William Shatner Battles Himself in White Comanche (1968)

The new Warner Archive release  White Comanche features William Shatner playing half-breed twins at war with each other. If you like Shatner or the kind of oddball films that he picks, or more likely inspires with his presence, then this bare bones Western will not disappoint.

Miserable Cotten, Brooding Shatner
Just about everyone in Comanche seems lost. The hapless cast looks like it's dutifully following instructions from an elementary school drama teacher. The romantic lead appears to have missed a turn on the way to a groovy spy flick. As the sheriff of a dusty Western town, Joseph Cotten seems baffled, and maybe a bit angry to find himself so far from his Citizen Kane days. Even the soundtrack is confused, with its jazzy bass and heavy use of hi-hat cymbals you half expect to see Sammy Davis Jr. pop out of a bush to do a snappy number.
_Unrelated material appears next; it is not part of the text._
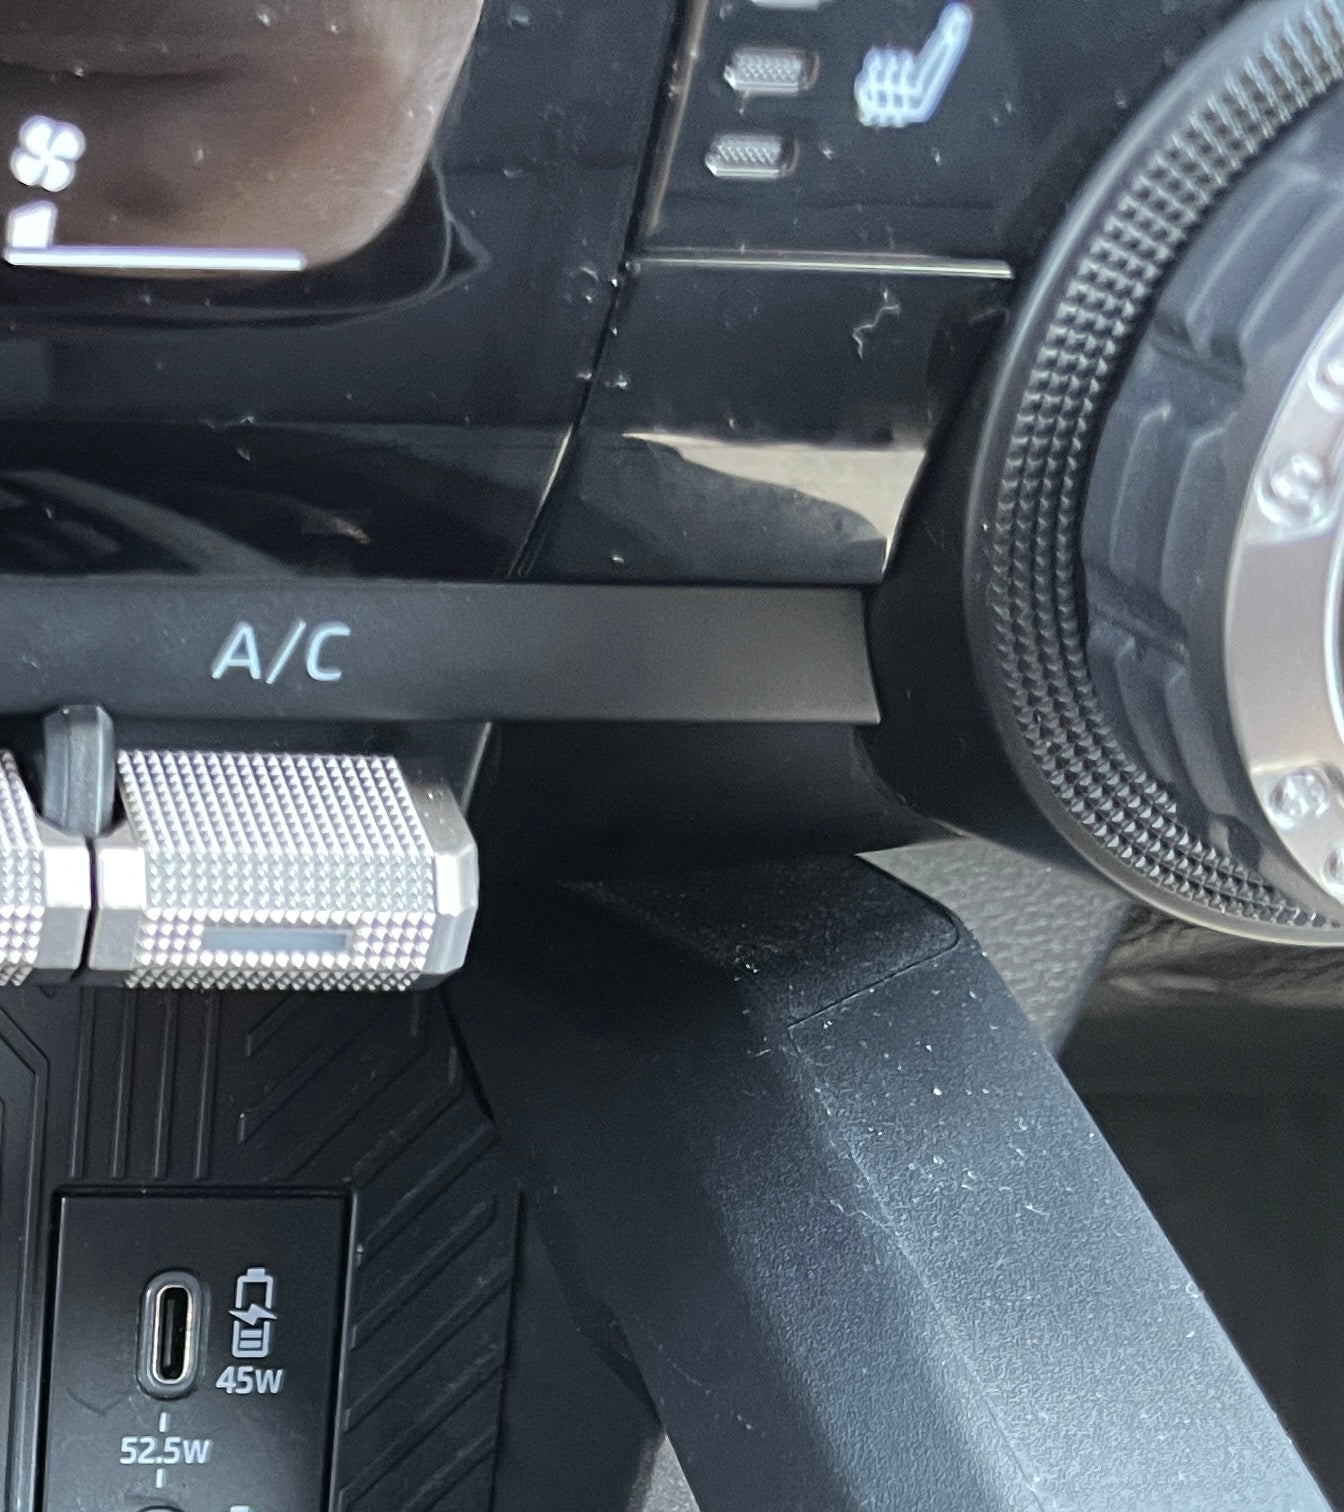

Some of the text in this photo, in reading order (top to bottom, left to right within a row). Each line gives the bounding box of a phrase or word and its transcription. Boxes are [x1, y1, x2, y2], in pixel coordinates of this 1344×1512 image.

But instead you get William Shatner dressed like a cowboy, trotting through the hills on a horse, and not looking a bit lost. The best thing about Shatner is he always knows exactly who he is and where he is going, and he doesn't care what anyone thinks about it. His misplaced, but mesmerizing, confidence colors everything around him and transforms a forgettable flick into an amusing oddity.
Good Shatner

Made in Spain while Shatner was on a break from filming Star Trek, he approaches each of the twins with his familiar stoic, but somehow busy intensity. One is Johnny Moon, a good-hearted wanderer who lives among the white people, the other is Notah a psychopathic peyote addict who lives among the natives, when he's not attacking stagecoaches.

Clearly Moon is meant to be the strong, silent Eastwood type in this Espanol take on the spaghetti western. But as in his other roles, Bill plays the Shatner type by managing to overact underacting his role.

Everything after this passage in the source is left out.